## WHAT TO WORK ON
Copy out every line of the data exactly; do not include the images.

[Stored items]

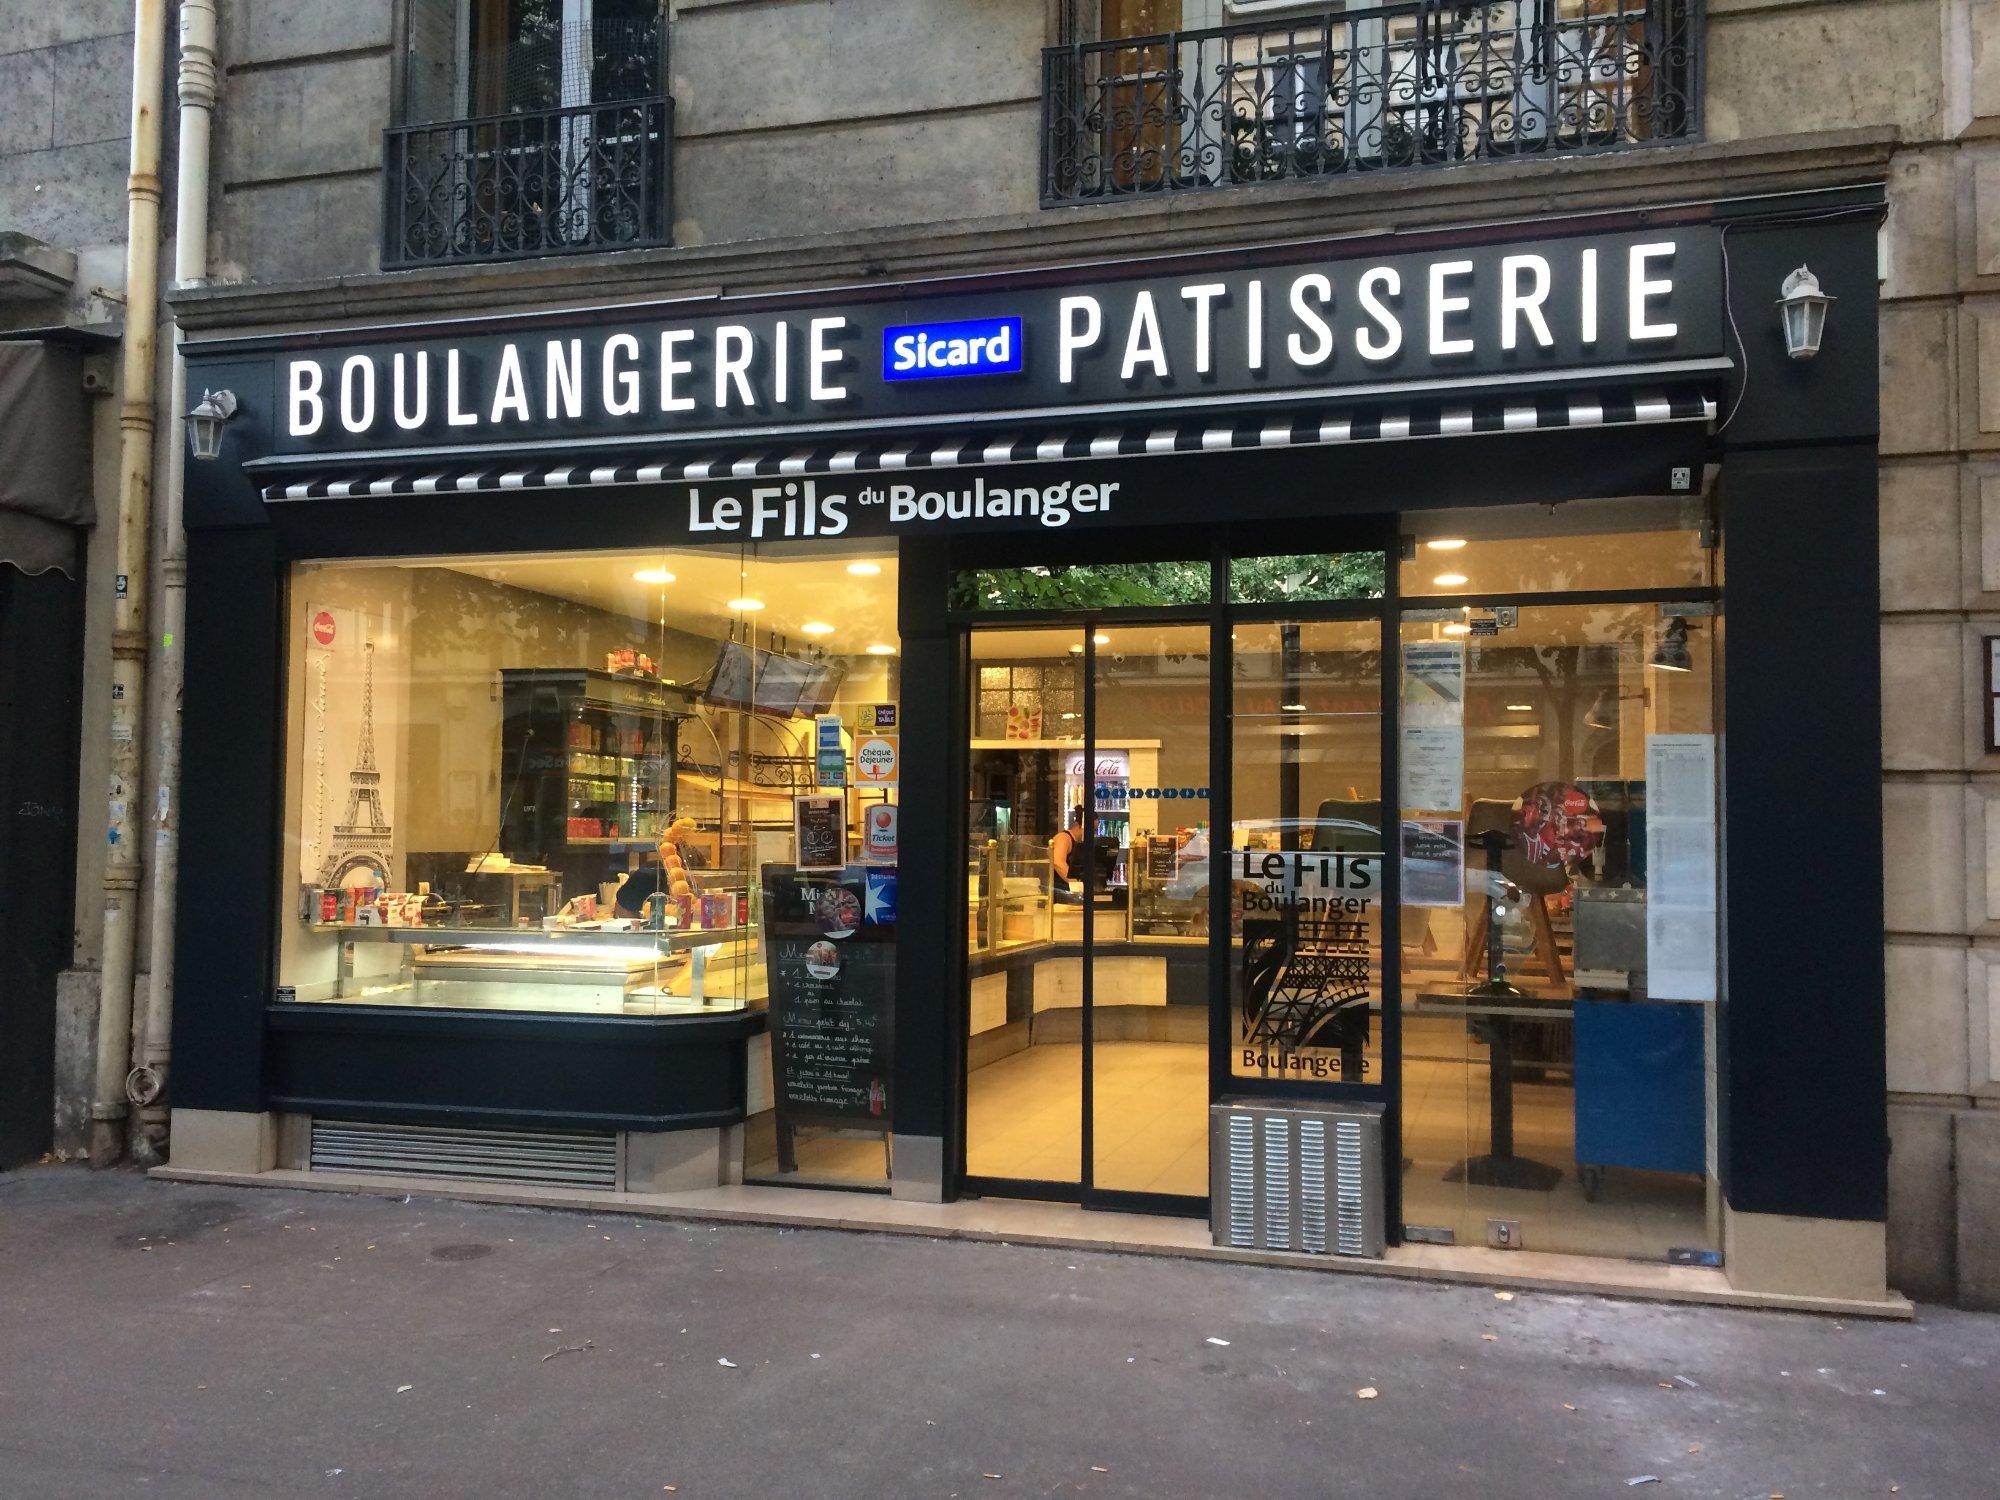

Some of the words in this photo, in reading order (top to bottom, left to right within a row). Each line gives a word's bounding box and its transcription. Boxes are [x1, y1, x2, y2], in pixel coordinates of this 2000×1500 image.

[1058, 241, 1678, 384] PATISSERIE
[893, 323, 1011, 371] Sicard
[289, 316, 848, 436] BOULANGERIE
[688, 488, 742, 531] Le
[750, 480, 848, 538] Fils
[858, 486, 885, 505] du
[889, 477, 1120, 527] Boulanger
[860, 756, 893, 765] Déjeuner
[862, 748, 891, 756] Chèque
[872, 834, 895, 842] Ticket
[1243, 846, 1285, 879] Le
[1294, 845, 1371, 889] Fils
[1264, 881, 1285, 894] du
[1242, 889, 1371, 920] Boulanger
[1243, 1050, 1370, 1077] Boulangee

## EXERCISE OUTPUT
Some of the words in this photo, in reading order (top to bottom, left to right within a row). Each line gives a word's bounding box and its transcription. Boxes are [x1, y1, x2, y2], in pixel coordinates of this 2000×1500 image.

[1058, 241, 1678, 384] PATISSERIE
[893, 323, 1011, 371] Sicard
[289, 316, 848, 436] BOULANGERIE
[688, 488, 742, 531] Le
[750, 480, 848, 538] Fils
[858, 486, 885, 505] du
[889, 477, 1120, 527] Boulanger
[860, 756, 893, 765] Déjeuner
[862, 748, 891, 756] Chèque
[872, 834, 895, 842] Ticket
[1243, 846, 1285, 879] Le
[1294, 845, 1371, 889] Fils
[1264, 881, 1285, 894] du
[1242, 889, 1371, 920] Boulanger
[1243, 1050, 1370, 1077] Boulangee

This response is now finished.